The effects of radiosynoviorthesis in pigmented villonodular synovitis of the knee

  • Hans Roland DürrEmail author
  • Carl Ferdinand Capellen
  • Alexander Klein
  • Andrea Baur-Melnyk
  • Christof Birkenmaier
  • Volkmar Jansson
  • Reinhold Tiling
Orthopaedic Surgery
  • 62 Downloads

Abstract

Introduction

Tenosynovial giant-cell tumor also known as pigmented villonodular synovitis (PVS) is a benign but aggressive synovial proliferative disease most often affecting the knee joint. The mainstay of therapy is surgical resection. Due to a high rate of local recurrence, radiosynoviorthesis (RSO) is used as an adjuvant method in many cases. The aim of this study was to compare local recurrence (LR) rates after surgical synovectomy with and without adjuvant RSO.

Materials and methods

From 1996 to 2014, 37 surgical interventions were performed in 32 patients with diffuse pigmented villonodular synovitis of the knee. All patients underwent open synovectomy. Adjuvant radiosynoviorthesis (RSO) was applied in 26 cases, the control group consists of 11 cases without RSO.

Results

9 (24%) lesions recurred within a median of 19 months after surgery.
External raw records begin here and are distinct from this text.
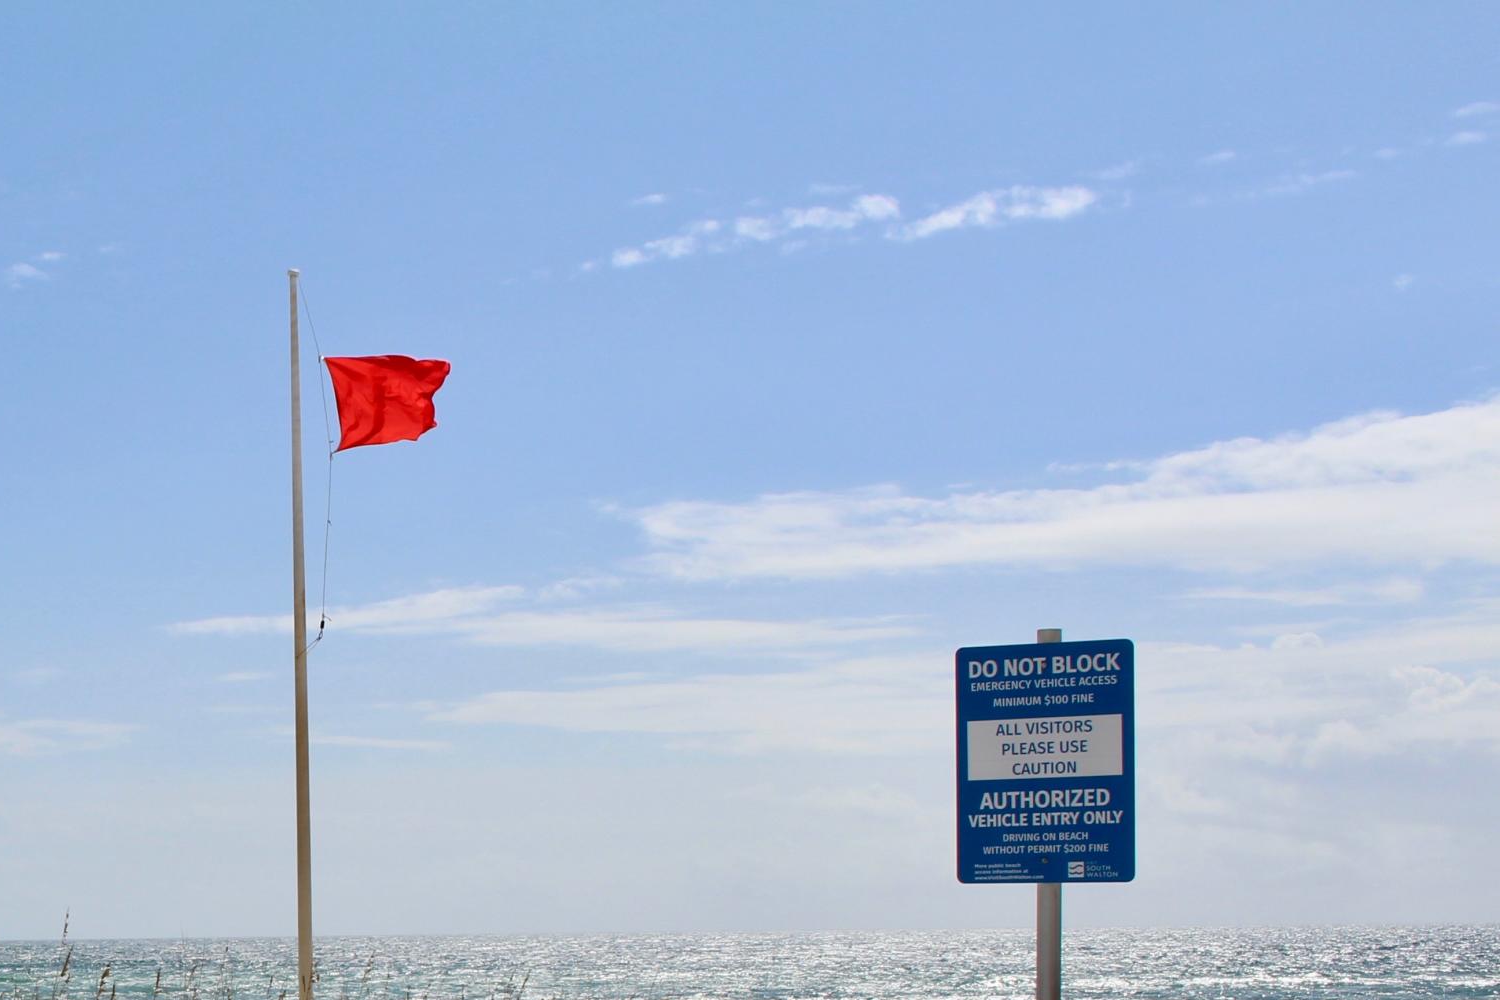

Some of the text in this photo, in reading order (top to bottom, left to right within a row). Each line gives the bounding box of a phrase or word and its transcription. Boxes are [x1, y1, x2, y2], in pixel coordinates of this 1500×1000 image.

[969, 652, 1120, 678] DO NOT BLOCK
[971, 675, 1117, 692] EMERGENCY VEHICLE ACCESS
[993, 693, 1094, 707] MINIMUM $100 FINE
[996, 720, 1092, 736] ALL VISITORS
[1002, 740, 1087, 755] PLEASE USE
[1013, 761, 1077, 775] CAUTION
[980, 788, 1110, 810] AUTHORIZED
[969, 810, 1123, 827] VEHICLE ENTRY ONLY
[1003, 832, 1088, 842] DRIVING ON BEACH
[983, 844, 1109, 854] WITHOUT PERMIT $200 FINE
Of those 9 recurrences, 3 (17%) were seen in primary disease, 6 (32%) in already recurring cases (n.s.). In 26 RSO treated patients 6 (23%) recurred, in 11 patients of the control group, 3 (27%) recurred (n.s.).

Conclusions

RSO is effective in PVS as also shown in some smaller reports in the literature. But surgery is still the mainstay of therapy. RSO is not a method of compensating for an insufficient surgical approach, but it may reduce the high rate of LR in patients with large and even recurrent diffuse forms of the disease.

Keywords

Synovitis Pigmented villonodular Giant cell tumor of tendon sheath Synovectomy Neoplasm recurrence Local Radiosynoviorthesis 

Notes

Funding

All authors have no financial and personal relationships with other people or organizations that could inappropriately influence (bias) this work. This study was not supported by any grants or external funding.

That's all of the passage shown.